**REQUIRED ACTION**. Could you repeat the whole listing below exactly as it stands?

*** THE INPUT ***

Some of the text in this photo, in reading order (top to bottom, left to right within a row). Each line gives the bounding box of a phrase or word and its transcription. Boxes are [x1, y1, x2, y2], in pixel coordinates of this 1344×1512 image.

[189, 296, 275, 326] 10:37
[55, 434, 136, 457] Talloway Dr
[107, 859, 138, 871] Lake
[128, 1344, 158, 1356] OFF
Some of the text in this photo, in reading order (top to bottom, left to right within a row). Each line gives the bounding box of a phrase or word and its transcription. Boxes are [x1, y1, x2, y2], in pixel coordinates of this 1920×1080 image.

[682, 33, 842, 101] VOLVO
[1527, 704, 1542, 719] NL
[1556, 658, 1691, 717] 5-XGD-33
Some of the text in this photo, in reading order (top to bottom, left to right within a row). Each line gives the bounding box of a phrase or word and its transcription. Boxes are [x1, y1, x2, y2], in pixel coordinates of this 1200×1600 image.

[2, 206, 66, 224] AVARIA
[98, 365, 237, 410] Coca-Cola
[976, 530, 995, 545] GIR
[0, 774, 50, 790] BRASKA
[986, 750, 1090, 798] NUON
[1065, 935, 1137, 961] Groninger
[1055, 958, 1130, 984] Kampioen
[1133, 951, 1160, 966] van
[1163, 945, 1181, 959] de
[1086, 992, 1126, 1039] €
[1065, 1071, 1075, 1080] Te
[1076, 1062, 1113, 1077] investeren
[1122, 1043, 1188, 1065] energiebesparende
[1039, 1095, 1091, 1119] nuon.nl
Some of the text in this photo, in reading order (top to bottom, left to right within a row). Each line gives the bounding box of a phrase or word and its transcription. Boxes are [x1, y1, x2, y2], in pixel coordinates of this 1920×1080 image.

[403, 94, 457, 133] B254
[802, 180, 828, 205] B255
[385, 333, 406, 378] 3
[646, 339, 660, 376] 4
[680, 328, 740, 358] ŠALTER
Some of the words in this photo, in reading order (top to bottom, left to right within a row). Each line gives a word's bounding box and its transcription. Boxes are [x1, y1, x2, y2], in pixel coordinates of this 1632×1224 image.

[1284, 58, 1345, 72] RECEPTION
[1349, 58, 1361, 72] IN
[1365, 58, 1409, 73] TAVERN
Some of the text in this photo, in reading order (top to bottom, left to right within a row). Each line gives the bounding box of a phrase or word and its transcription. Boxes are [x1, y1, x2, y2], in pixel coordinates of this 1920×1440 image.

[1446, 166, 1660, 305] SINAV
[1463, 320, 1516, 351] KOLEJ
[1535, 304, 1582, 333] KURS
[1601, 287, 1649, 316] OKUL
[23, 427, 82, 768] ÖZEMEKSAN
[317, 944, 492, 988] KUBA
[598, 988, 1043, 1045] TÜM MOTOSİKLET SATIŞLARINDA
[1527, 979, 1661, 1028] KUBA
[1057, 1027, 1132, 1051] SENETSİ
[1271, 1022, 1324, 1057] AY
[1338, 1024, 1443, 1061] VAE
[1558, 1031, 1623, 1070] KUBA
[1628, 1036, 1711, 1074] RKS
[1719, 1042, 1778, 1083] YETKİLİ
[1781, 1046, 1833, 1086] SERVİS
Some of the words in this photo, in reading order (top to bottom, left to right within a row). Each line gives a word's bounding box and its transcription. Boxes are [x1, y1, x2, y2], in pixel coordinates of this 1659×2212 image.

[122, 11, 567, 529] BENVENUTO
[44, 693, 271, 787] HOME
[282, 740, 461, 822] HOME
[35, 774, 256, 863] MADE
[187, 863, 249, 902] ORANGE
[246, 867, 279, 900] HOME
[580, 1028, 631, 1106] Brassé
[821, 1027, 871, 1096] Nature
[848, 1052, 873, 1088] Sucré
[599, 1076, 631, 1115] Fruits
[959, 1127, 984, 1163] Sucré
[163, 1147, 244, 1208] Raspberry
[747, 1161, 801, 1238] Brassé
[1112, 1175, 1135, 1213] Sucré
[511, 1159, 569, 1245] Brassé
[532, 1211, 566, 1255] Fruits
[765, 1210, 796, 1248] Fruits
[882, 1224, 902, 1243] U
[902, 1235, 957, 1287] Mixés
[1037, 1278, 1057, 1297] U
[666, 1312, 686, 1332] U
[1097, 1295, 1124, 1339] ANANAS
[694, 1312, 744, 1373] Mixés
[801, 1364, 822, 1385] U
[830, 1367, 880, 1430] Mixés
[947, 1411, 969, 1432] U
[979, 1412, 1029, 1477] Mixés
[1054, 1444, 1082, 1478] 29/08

*** End of THE INPUT ***

**OUTPUT OF THE EXERCISE**.
Some of the text in this photo, in reading order (top to bottom, left to right within a row). Each line gives the bounding box of a phrase or word and its transcription. Boxes are [x1, y1, x2, y2], in pixel coordinates of this 1344×1512 image.

[189, 296, 275, 326] 10:37
[55, 434, 136, 457] Talloway Dr
[107, 859, 138, 871] Lake
[128, 1344, 158, 1356] OFF
Some of the text in this photo, in reading order (top to bottom, left to right within a row). Each line gives the bounding box of a phrase or word and its transcription. Boxes are [x1, y1, x2, y2], in pixel coordinates of this 1920×1080 image.

[682, 33, 842, 101] VOLVO
[1527, 704, 1542, 719] NL
[1556, 658, 1691, 717] 5-XGD-33
Some of the text in this photo, in reading order (top to bottom, left to right within a row). Each line gives the bounding box of a phrase or word and its transcription. Boxes are [x1, y1, x2, y2], in pixel coordinates of this 1200×1600 image.

[2, 206, 66, 224] AVARIA
[98, 365, 237, 410] Coca-Cola
[976, 530, 995, 545] GIR
[0, 774, 50, 790] BRASKA
[986, 750, 1090, 798] NUON
[1065, 935, 1137, 961] Groninger
[1055, 958, 1130, 984] Kampioen
[1133, 951, 1160, 966] van
[1163, 945, 1181, 959] de
[1086, 992, 1126, 1039] €
[1065, 1071, 1075, 1080] Te
[1076, 1062, 1113, 1077] investeren
[1122, 1043, 1188, 1065] energiebesparende
[1039, 1095, 1091, 1119] nuon.nl
Some of the text in this photo, in reading order (top to bottom, left to right within a row). Each line gives the bounding box of a phrase or word and its transcription. Boxes are [x1, y1, x2, y2], in pixel coordinates of this 1920×1080 image.

[403, 94, 457, 133] B254
[802, 180, 828, 205] B255
[385, 333, 406, 378] 3
[646, 339, 660, 376] 4
[680, 328, 740, 358] ŠALTER
Some of the words in this photo, in reading order (top to bottom, left to right within a row). Each line gives a word's bounding box and its transcription. Boxes are [x1, y1, x2, y2], in pixel coordinates of this 1632×1224 image.

[1284, 58, 1345, 72] RECEPTION
[1349, 58, 1361, 72] IN
[1365, 58, 1409, 73] TAVERN
Some of the text in this photo, in reading order (top to bottom, left to right within a row). Each line gives the bounding box of a phrase or word and its transcription. Boxes are [x1, y1, x2, y2], in pixel coordinates of this 1920×1440 image.

[1446, 166, 1660, 305] SINAV
[1463, 320, 1516, 351] KOLEJ
[1535, 304, 1582, 333] KURS
[1601, 287, 1649, 316] OKUL
[23, 427, 82, 768] ÖZEMEKSAN
[317, 944, 492, 988] KUBA
[598, 988, 1043, 1045] TÜM MOTOSİKLET SATIŞLARINDA
[1527, 979, 1661, 1028] KUBA
[1057, 1027, 1132, 1051] SENETSİ
[1271, 1022, 1324, 1057] AY
[1338, 1024, 1443, 1061] VAE
[1558, 1031, 1623, 1070] KUBA
[1628, 1036, 1711, 1074] RKS
[1719, 1042, 1778, 1083] YETKİLİ
[1781, 1046, 1833, 1086] SERVİS
Some of the words in this photo, in reading order (top to bottom, left to right within a row). Each line gives a word's bounding box and its transcription. Boxes are [x1, y1, x2, y2], in pixel coordinates of this 1659×2212 image.

[122, 11, 567, 529] BENVENUTO
[44, 693, 271, 787] HOME
[282, 740, 461, 822] HOME
[35, 774, 256, 863] MADE
[187, 863, 249, 902] ORANGE
[246, 867, 279, 900] HOME
[580, 1028, 631, 1106] Brassé
[821, 1027, 871, 1096] Nature
[848, 1052, 873, 1088] Sucré
[599, 1076, 631, 1115] Fruits
[959, 1127, 984, 1163] Sucré
[163, 1147, 244, 1208] Raspberry
[747, 1161, 801, 1238] Brassé
[1112, 1175, 1135, 1213] Sucré
[511, 1159, 569, 1245] Brassé
[532, 1211, 566, 1255] Fruits
[765, 1210, 796, 1248] Fruits
[882, 1224, 902, 1243] U
[902, 1235, 957, 1287] Mixés
[1037, 1278, 1057, 1297] U
[666, 1312, 686, 1332] U
[1097, 1295, 1124, 1339] ANANAS
[694, 1312, 744, 1373] Mixés
[801, 1364, 822, 1385] U
[830, 1367, 880, 1430] Mixés
[947, 1411, 969, 1432] U
[979, 1412, 1029, 1477] Mixés
[1054, 1444, 1082, 1478] 29/08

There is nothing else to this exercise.